(DATA IN THIS EXERCISE)
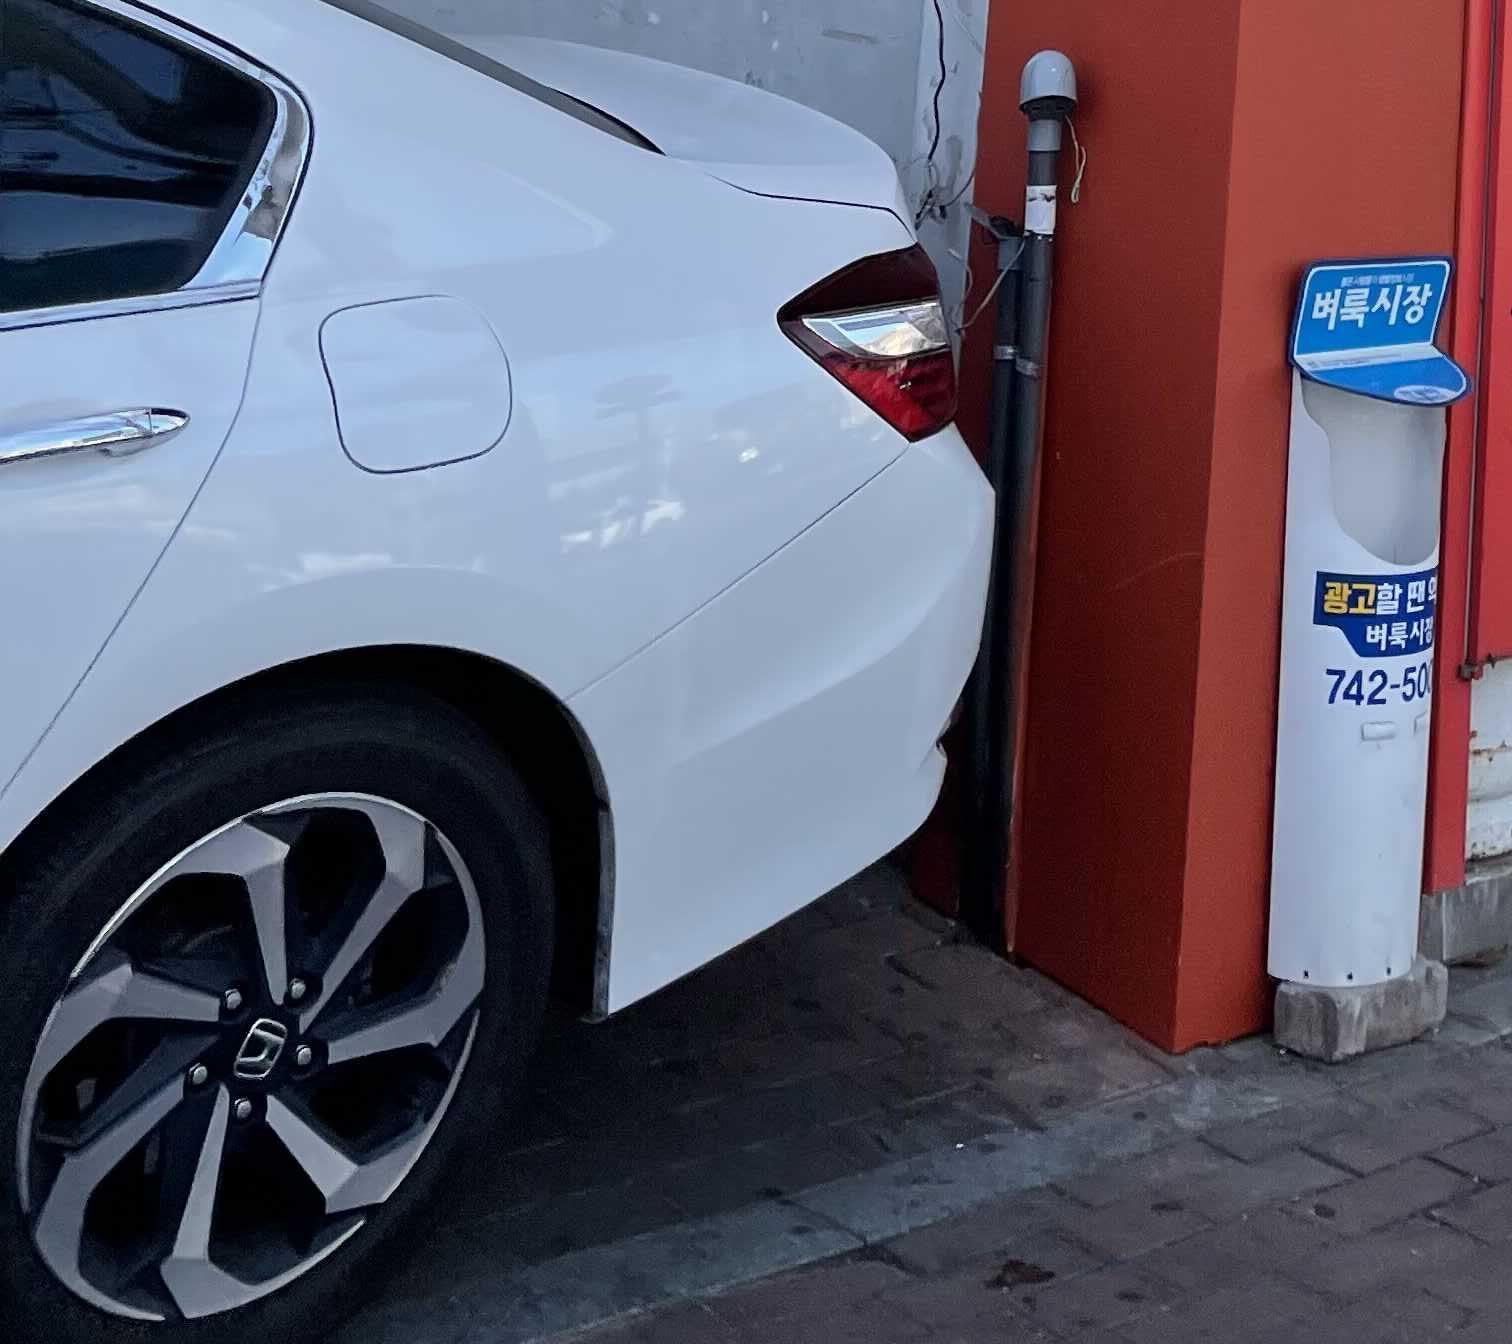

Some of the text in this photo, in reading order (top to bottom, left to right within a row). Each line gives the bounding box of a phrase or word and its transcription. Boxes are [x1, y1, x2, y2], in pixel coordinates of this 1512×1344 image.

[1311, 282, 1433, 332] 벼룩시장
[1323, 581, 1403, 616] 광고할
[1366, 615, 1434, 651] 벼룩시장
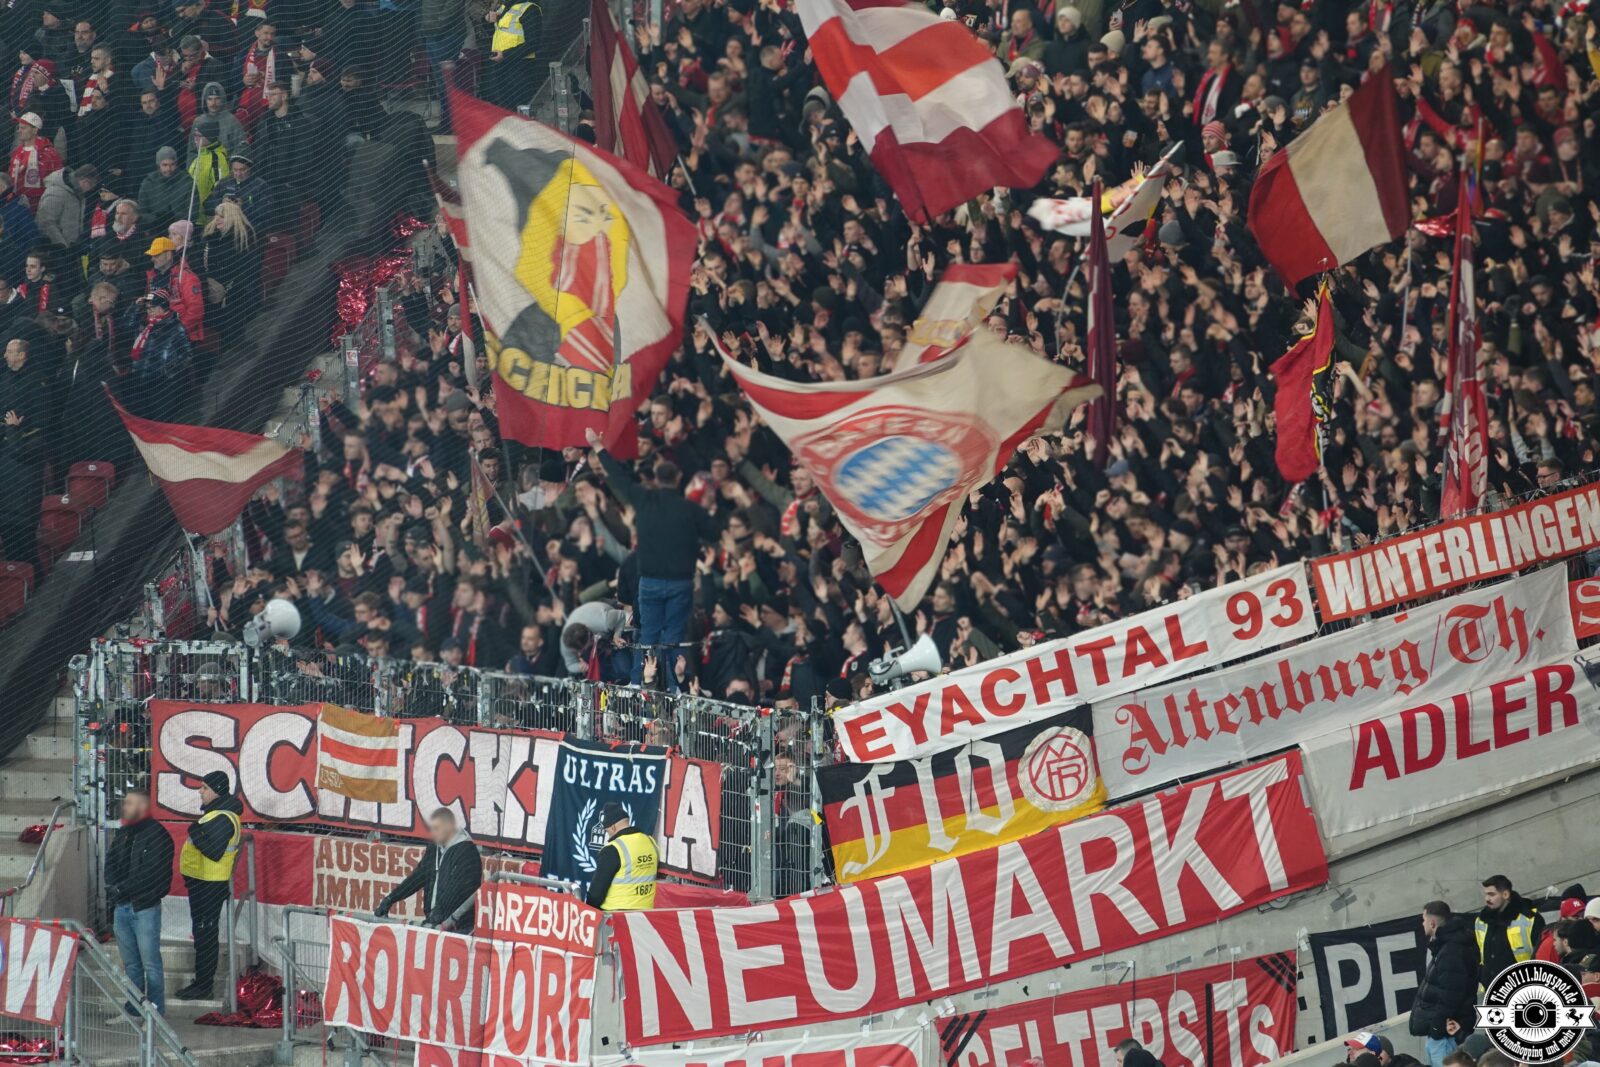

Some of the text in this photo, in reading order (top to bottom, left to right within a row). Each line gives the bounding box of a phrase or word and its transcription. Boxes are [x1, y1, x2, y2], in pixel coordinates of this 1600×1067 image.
(End DATA IN THIS EXERCISE)
:: ACTION ITEM ::
Repeat the data in full, exactly as it stands, but drop every picture.

:: YOUR SOLUTION ::
Some of the text in this photo, in reading order (top to bottom, left to right within a row). Each line gives the bounding box of a phrase or word and its transcription. Boxes are [x1, y1, x2, y2], in pixel coordinates of this 1512×1344 image.

[1311, 282, 1433, 332] 벼룩시장
[1323, 581, 1403, 616] 광고할
[1366, 615, 1434, 651] 벼룩시장

Some of the text in this photo, in reading order (top to bottom, left to right within a row). Each line gives the bounding box of a phrase or word and its transcription. Boxes are [x1, y1, x2, y2], in pixel coordinates of this 1600×1067 image.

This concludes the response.